Un mariage de raison
Depuis les années 1980, Capcom entretient une relation privilégiée avec Nintendo, qui a publié bon nombre de ses jeux. Pour la firme, il est naturel d’adapter son nouveau titre phare sur la SNES, console dévoilée durant l’été 1991 (1990 au Japon, ndlr) et qui doit faire face à la concurrence de Sega aux États-Unis. « La SNES s'est bien vendue au début, mais aux États-Unis, la Genesis (Mega Drive, ndlr) avait vraiment trouvé sa place avec Sonic » raconte Scott Smith, product manager chez Capcom USA. « Quand nous avons sorti Street Fighter II, tout a changé. C'était : ‘Si vous voulez Street Fighter, vous devez avoir la Super Nintendo’. »

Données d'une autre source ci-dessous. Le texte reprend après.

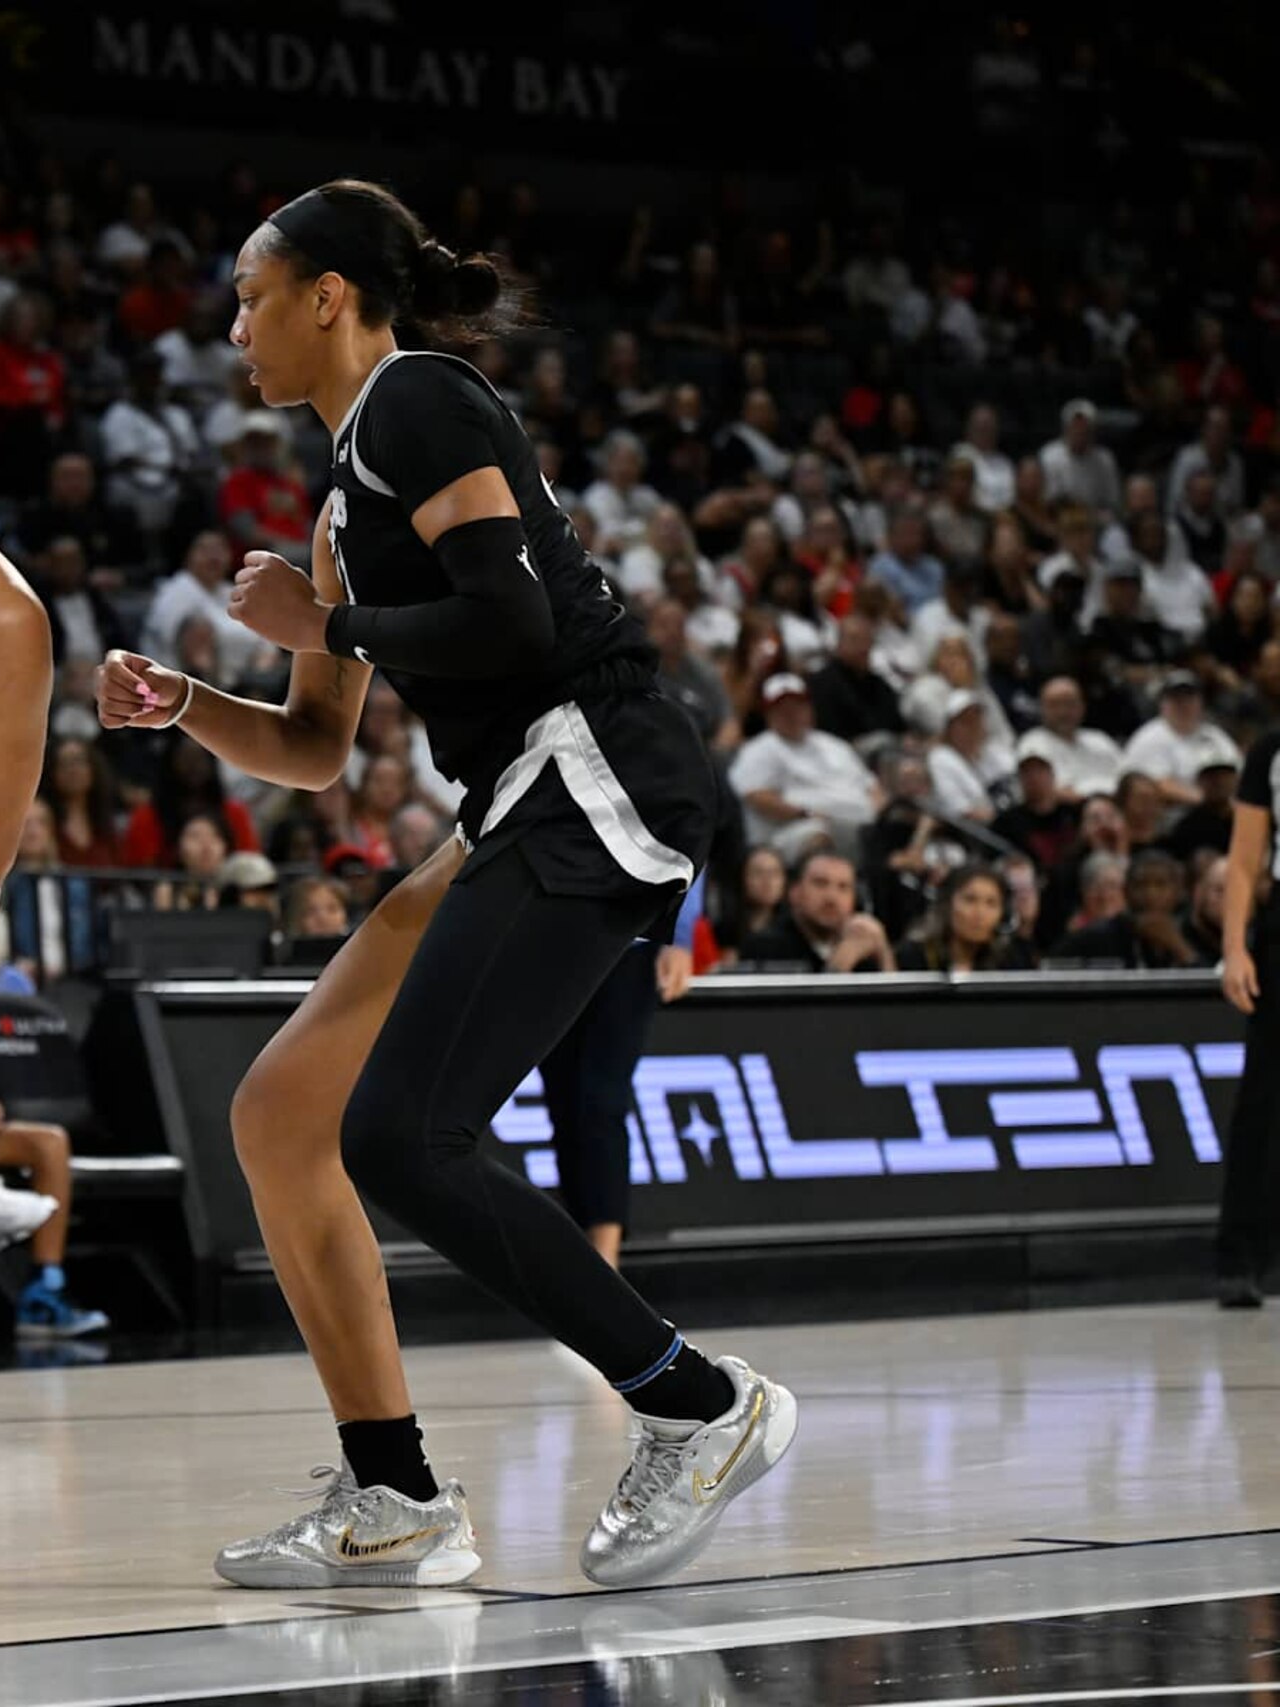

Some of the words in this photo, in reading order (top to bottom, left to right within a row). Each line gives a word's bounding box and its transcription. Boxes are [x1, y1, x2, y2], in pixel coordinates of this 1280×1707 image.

[92, 13, 490, 109] MANDALAY
[511, 55, 629, 122] BAY
[490, 1042, 1246, 1188] ALIEN

À l’époque, Nintendo impose un rythme de production effréné à son partenaire, malgré la difficulté d’adapter un jeu d'une telle profondeur sur une console aux capacités limitées. Parce que la firme a conscience de tenir sa prochaine « killer app », tout simplement. « Le travail se poursuivait toute la nuit, et il arrivait souvent qu’on travaille jusqu'à quatre ou cinq heures du matin » raconte Tatsuya Minami à Polygon. « Si j’essayais de refaire ça aujourd’hui, je m'évanouirais mais à ce moment-là, une fois qu’on avait terminé, on sortait prendre quelques bières, puis on allait se coucher et on revenait le matin. » Street Fighter II est commercialisé en juillet 1992 en Amérique du Nord et rencontre un immense succès. Il sera d’ailleurs vendu en pack avec la console dont il fait indirectement la promotion.
Un jeu intimement lié à l’histoire de Nintendo
Quelques mois plus tard, le titre est porté sur Mega Drive (ce qui déplaît logiquement aux cadres de Nintendo, ndlr) mais ne suscitera pas le même engouement. Pour beaucoup de joueurs, Street Fighter II reste l’un des produits phares de la SNES et intimement lié à l’histoire de Nintendo. C’est d’ailleurs pour cette raison qu’en 2018, Yoshinori Ono (qui n’a probablement plus de problème avec son banquier, ndlr) justifiait la commercialisation d’une version Switch de Street Fighter 30th Anniversary Collection, compilation d’une douzaine de jeux iconiques de la licence. « Rappelons-aussi que ce succès [de la licence] est dû à la console Super NES sur lequel Street Fighter II avait été portée. » explique-t-il. « Il nous paraissait donc naturel de revenir sur une console Nintendo. Avec cette version Switch, on souhaitait réunir les papas qui y jouaient il y a 25 ans et leurs enfants qui découvrent les joies du jeu vidéo. »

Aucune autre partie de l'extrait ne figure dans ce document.